Announcements: Stay tuned and make sure to check Blackboard frequently. Important announcements will be posted there.
Regrading: Regrading request must be made within 7 days after we post scores on Blackboard. TA will handle regrade requests. If student is not satisfied with the regarding results, you get 7 days to request again. The instructor will regrade, and the decision is final.
Drop Policy: Students may drop or swap (adding and dropping a class concurrently) classes through self-service in MyMav from the beginning of the registration period through the late registration period. After the late registration period, students must see their academic advisor to drop a class or withdraw. Undeclared students must see an advisor in the University Advising Center. Drops can continue through a point two-thirds of the way through the term or session. It is the student's responsibility to officially withdraw if they do not plan to attend after registering. Students will not be automatically dropped for non-attendance. Repayment of certain types of financial aid administered through the University may be required as the result of dropping classes or withdrawing. For more information, contact the Office of Financial Aid and Scholarships (http://wweb.uta.edu/ses/fao).

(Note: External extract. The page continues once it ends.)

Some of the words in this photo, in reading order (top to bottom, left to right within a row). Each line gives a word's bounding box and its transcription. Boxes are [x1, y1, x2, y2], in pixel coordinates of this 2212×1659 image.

Americans with Disabilities Act: The University of Texas at Arlington is on record as being committed to both the spirit and letter of all federal equal opportunity legislation, including the Americans with Disabilities Act (ADA). All instructors at UT Arlington are required by law to provide "reasonable accommodations" to students with disabilities, so as not to discriminate on the basis of that disability. Any student requiring an accommodation for this course must provide the instructor with official documentation in the form of a letter certified by the staff in the Office for Students with Disabilities, University Hall 102. Only those students who have officially documented a need for an accommodation will have their request honored. Information regarding diagnostic criteria and policies for obtaining disability-based academic accommodations can be found at www.uta.edu/disability or by calling the Office for Students with Disabilities at (817) 272-3364.
Title IX: The University of Texas at Arlington is committed to upholding U.S. Federal Law “Title IX” such that no member of the UT Arlington community shall, on the basis of sex, be excluded from participation in, be denied the benefits of, or be subjected to discrimination under any education program or activity. For more information, visit www.uta.edu/titleIX.

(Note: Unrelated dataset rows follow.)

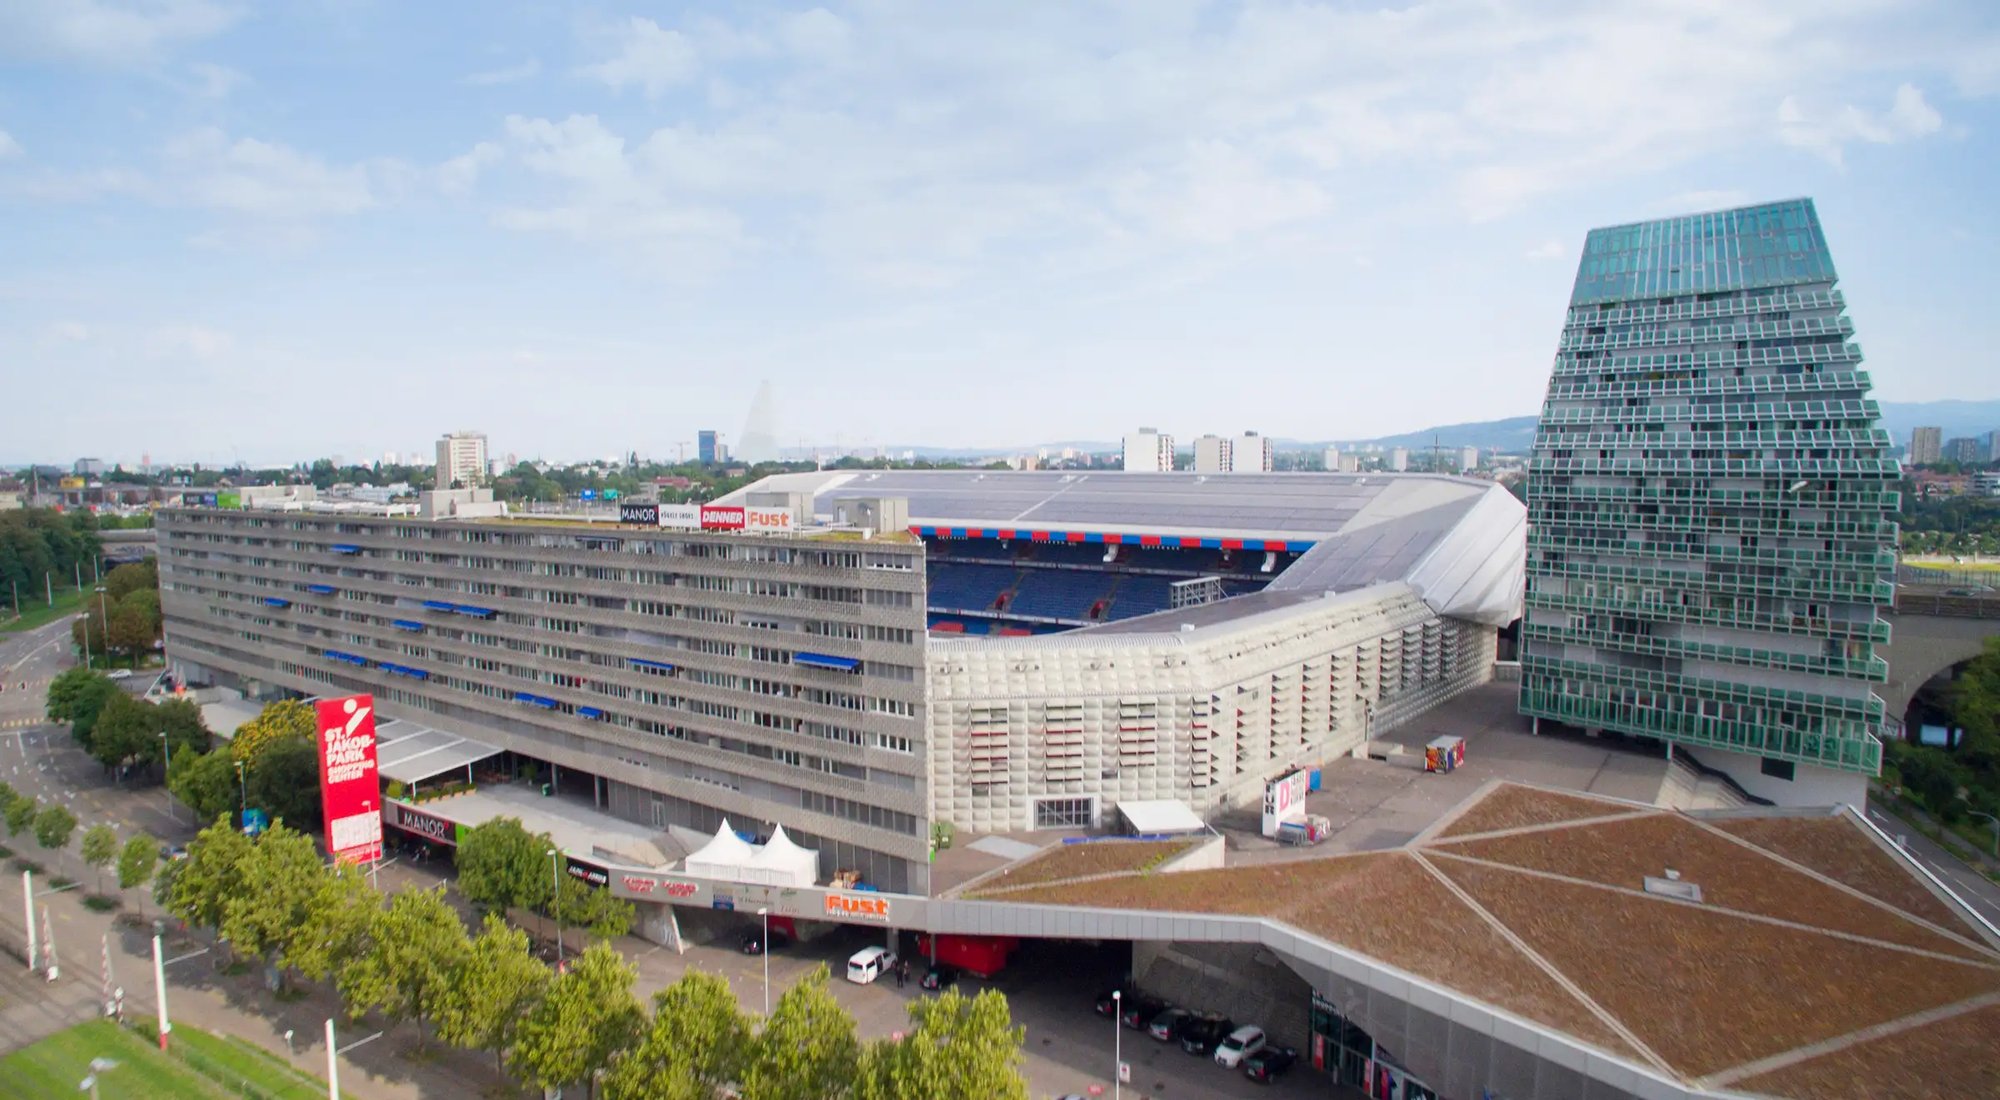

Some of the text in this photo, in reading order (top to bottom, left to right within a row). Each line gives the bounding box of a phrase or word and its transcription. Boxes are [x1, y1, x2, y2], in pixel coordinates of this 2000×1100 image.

[621, 507, 655, 523] MANOR
[702, 510, 743, 524] DENNER
[748, 511, 789, 528] Fust
[325, 727, 346, 743] ST.
[326, 734, 376, 755] JAKOB-
[327, 748, 366, 768] PARK
[328, 758, 375, 776] SHOPPING
[328, 767, 364, 784] CENTER
[403, 812, 445, 838] MANOR
[824, 894, 890, 917] Fust
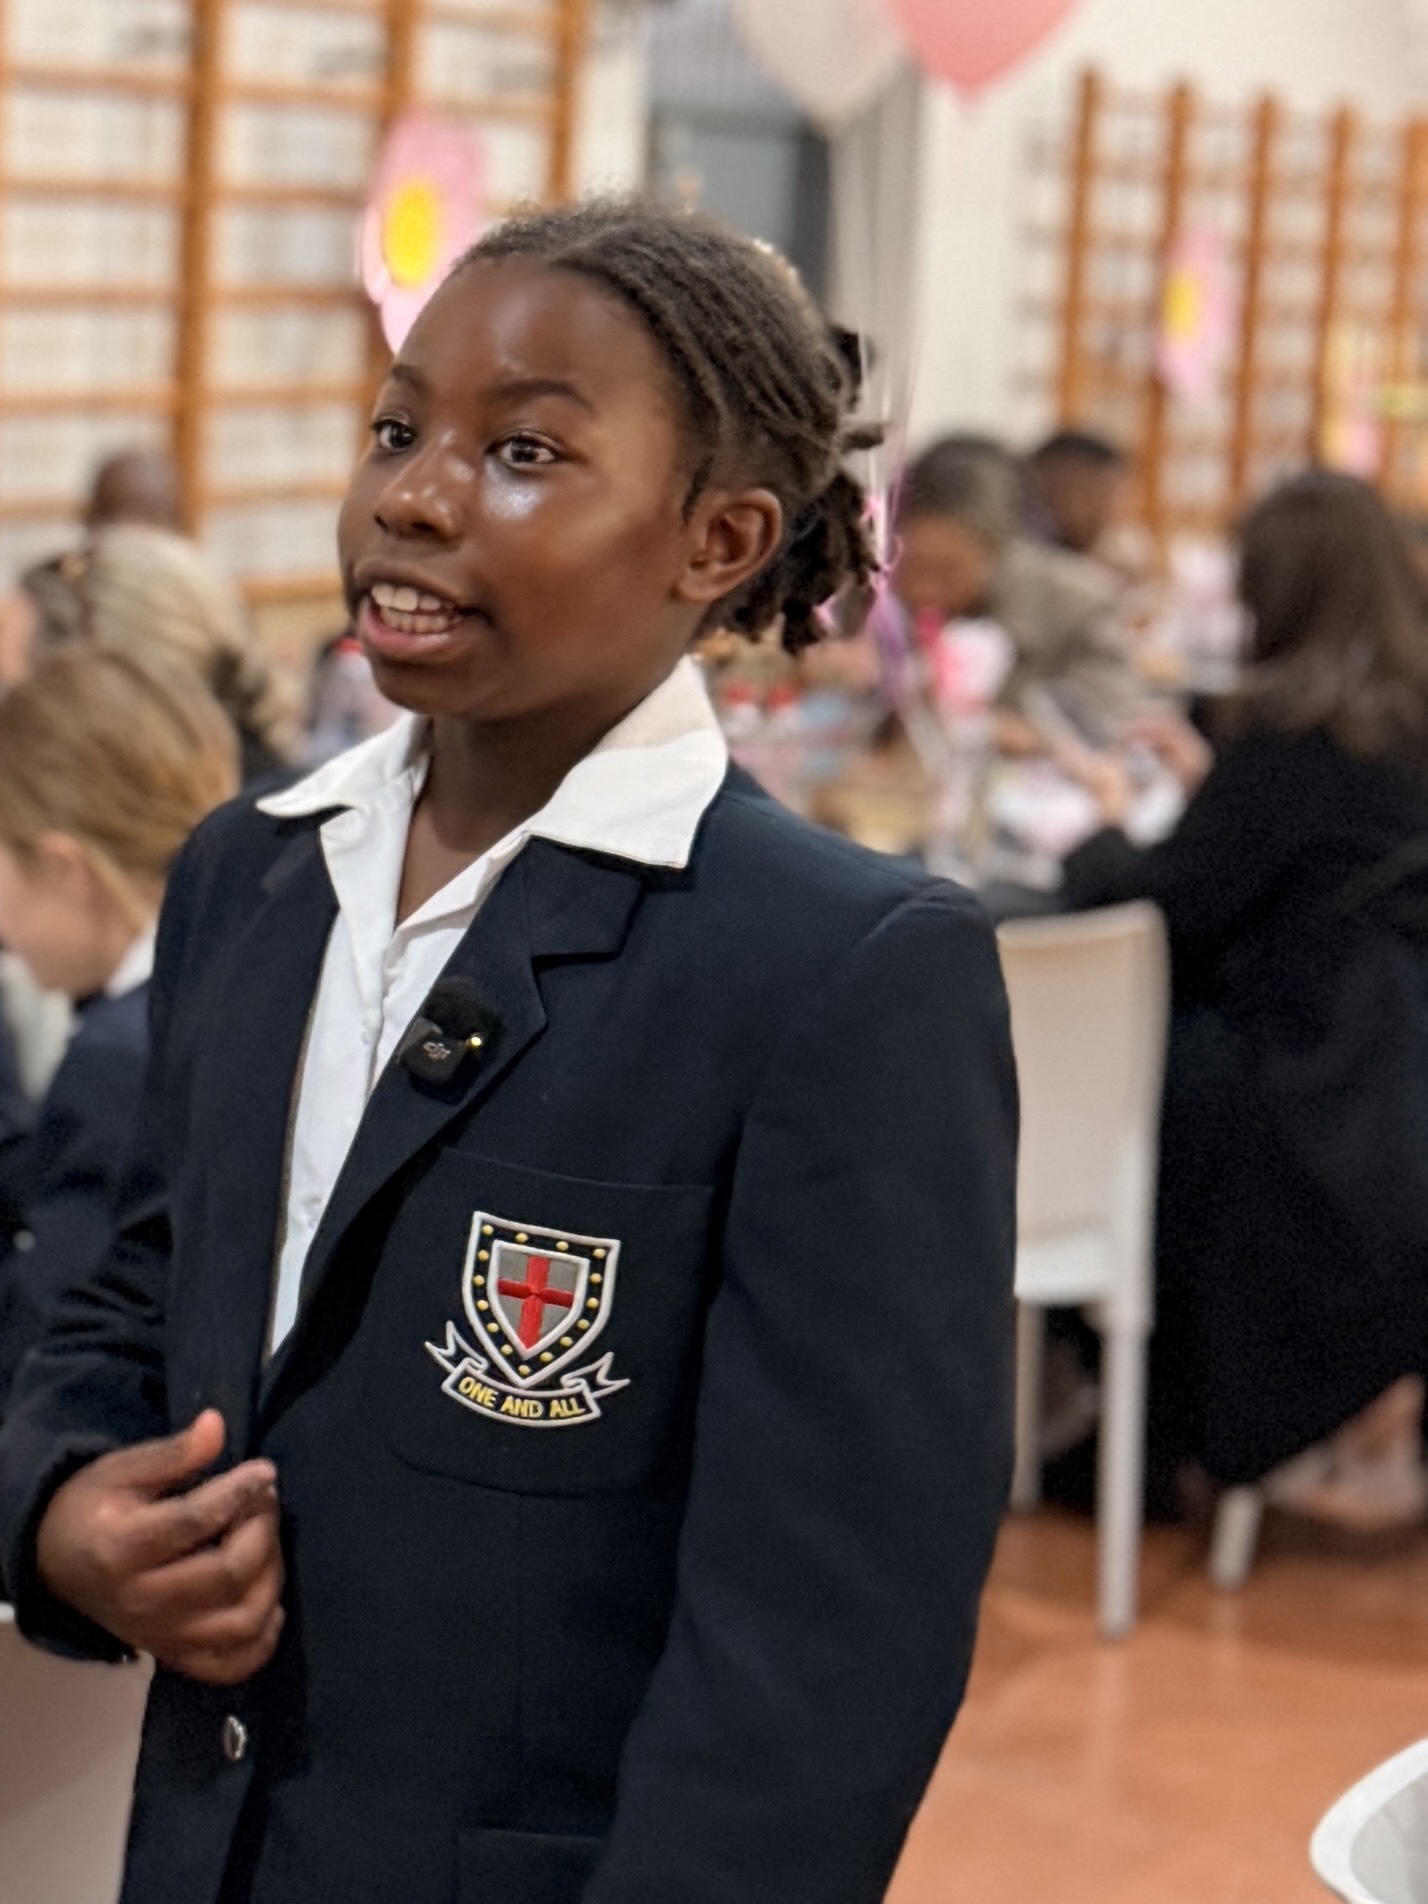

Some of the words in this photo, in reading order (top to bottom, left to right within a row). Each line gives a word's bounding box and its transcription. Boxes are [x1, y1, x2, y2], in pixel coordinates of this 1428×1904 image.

[458, 1376, 499, 1408] ONE
[500, 1395, 545, 1418] AND
[549, 1397, 586, 1418] ALL

Academic Integrity: All students enrolled in this course are expected to adhere to the UT Arlington Honor Code:
I pledge, on my honor, to uphold UT Arlington’s tradition of academic integrity,
a tradition that values hard work and honest effort in the pursuit of academic
excellence.
I promise that I will submit only
work that I personally create or contribute to group collaborations, and I will
appropriately reference any work from other sources. I will follow the highest
standards of integrity and uphold the spirit of the Honor Code.
Instructors may employ the Honor Code as they see fit in their courses,
including (but not limited to) having students acknowledge the honor code as
part of an examination or requiring students to incorporate the honor code into
any work submitted. Per UT System Regents’ Rule 50101, §2.2, suspected
violations of university’s standards for academic integrity (including the Honor
Code) will be referred to the Office of Student Conduct. Violators will be
disciplined in accordance with University policy, which may result in the
student’s suspension or expulsion from the University.

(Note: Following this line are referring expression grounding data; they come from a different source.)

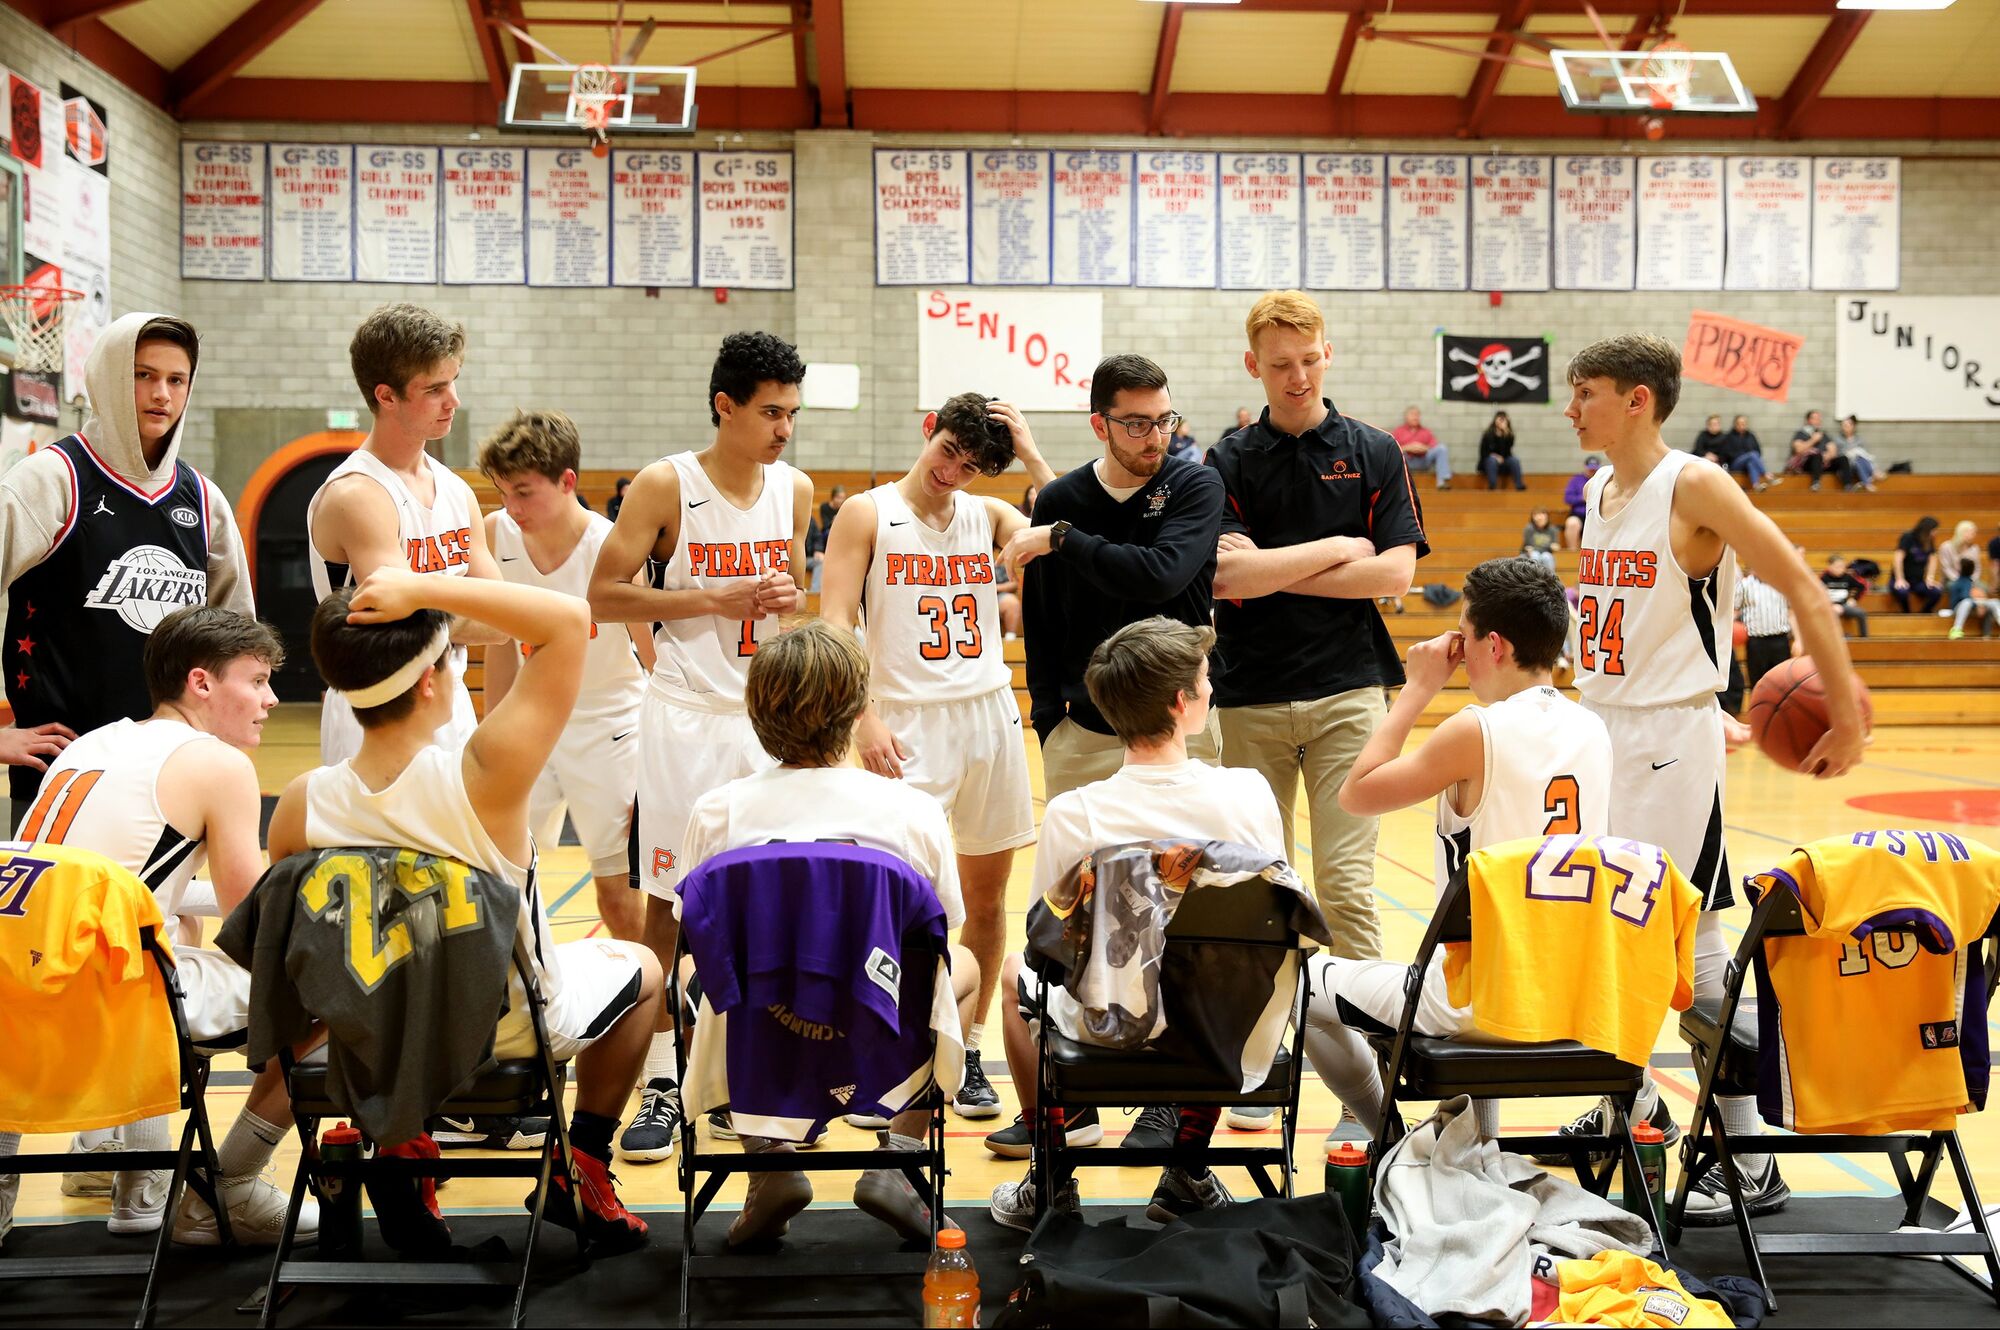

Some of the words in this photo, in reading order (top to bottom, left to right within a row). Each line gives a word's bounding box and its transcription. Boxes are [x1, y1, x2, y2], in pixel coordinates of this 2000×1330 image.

[275, 167, 301, 178] BOYS
[312, 168, 348, 180] TENNIS
[360, 171, 391, 183] GIRLS
[401, 172, 433, 184] TRACK
[445, 170, 468, 182] GIRLS
[472, 170, 520, 182] BASKETBALL
[614, 173, 637, 185] GIRLS
[641, 173, 691, 186] BASKETBALL
[905, 171, 939, 184] BOYS
[195, 179, 252, 191] CHAMPIONS
[283, 183, 340, 194] CHAMPIONS
[455, 184, 512, 196] CHAMPIONS
[703, 181, 734, 194] BOYS
[744, 181, 789, 194] TENNIS
[880, 185, 963, 197] VOLLEYBALL
[1064, 185, 1120, 197] CHAMPIONS
[368, 188, 425, 200] CHAMPIONS
[624, 188, 682, 199] CHAMPIONS
[1148, 187, 1205, 199] CHAMPIONS
[1232, 190, 1289, 201] CHAMPIONS
[1316, 190, 1372, 201] CHAMPIONS
[1401, 191, 1455, 203] CHAMPIONS
[1487, 191, 1536, 201] CHAMPIONS
[1559, 188, 1585, 200] GIRLS
[1595, 188, 1631, 200] SOCCER
[705, 199, 786, 212] CHAMPIONS
[883, 199, 960, 210] CHAMPIONS
[1566, 202, 1623, 213] CHAMPIONS
[730, 216, 764, 229] 1995
[177, 511, 195, 523] KIA
[136, 566, 157, 575] LOS
[159, 570, 205, 581] ANGELES
[886, 553, 994, 586] PIRATES
[1579, 548, 1657, 588] IRATES
[93, 564, 204, 607] LAKERS
[918, 593, 982, 661] 33
[1580, 595, 1625, 676] 24
[20, 768, 105, 845] 11
[1543, 774, 1581, 835] 2
[1852, 830, 1971, 863] NASH
[652, 846, 676, 878] P
[830, 1084, 856, 1095] adidas
[1533, 1255, 1553, 1278] R

Student Support Services: UT Arlington provides a variety of resources and programs designed to help students develop academic skills, deal with personal situations, and better understand concepts and information related to their courses. Resources include tutoring, major-based learning centers, developmental education, advising and mentoring, personal counseling, and federally funded programs. For individualized referrals, students may visit the reception desk at University College (Ransom Hall), call the Maverick Resource Hotline at 817-272-6107, send a message to resources@uta.edu, or view the information at www.uta.edu/resources.
Electronic Communication: UT Arlington has adopted MavMail as its official means to communicate with students about important deadlines and events, as well as to transact university-related business regarding financial aid, tuition, grades, graduation, etc. All students are assigned a MavMail account and are responsible for checking the inbox regularly. There is no additional charge to students for using this account, which remains active even after graduation. Information about activating and using MavMail is available at http://www.uta.edu/oit/cs/email/mavmail.php.
Student Feedback Survey: At the end of each term, students enrolled in classes categorized as lecture, seminar, or laboratory shall be directed to complete a Student Feedback Survey (SFS). Instructions on how to access the SFS for this course will be sent directly to each student through MavMail approximately 10 days before the end of the term. Each student’s feedback enters the SFS database anonymously and is aggregated with that of other students enrolled in the course. UT Arlington’s effort to solicit, gather, tabulate, and publish student feedback is required by state law; students are strongly urged to participate. For more information, visit http://www.uta.edu/sfs.
Final Review Week: A period of five class days prior to the first day of final examinations in the long sessions shall be designated as Final Review Week. The purpose of this week is to allow students sufficient time to prepare for final examinations. During this week, there shall be no scheduled activities such as required field trips or performances; and no instructor shall assign any themes, research problems or exercises of similar scope that have a completion date during or following this week unless specified in the class syllabus. During Final Review Week, an instructor shall not give any examinations constituting 10% or more of the final grade, except makeup tests and laboratory examinations. In addition, no instructor shall give any portion of the final examination during Final Review Week. During this week, classes are held as scheduled. In addition, instructors are not required to limit content to topics that have been previously covered; they may introduce new concepts as appropriate.
Emergency Exit Procedures: Should we experience an emergency event that requires us to vacate the building, students should exit the room and move toward the nearest exit. When exiting the building during an emergency, one should never take an elevator but should use the stairwells. Faculty members and instructional staff will assist students in selecting the safest route for evacuation and will make arrangements to assist individuals with disabilities.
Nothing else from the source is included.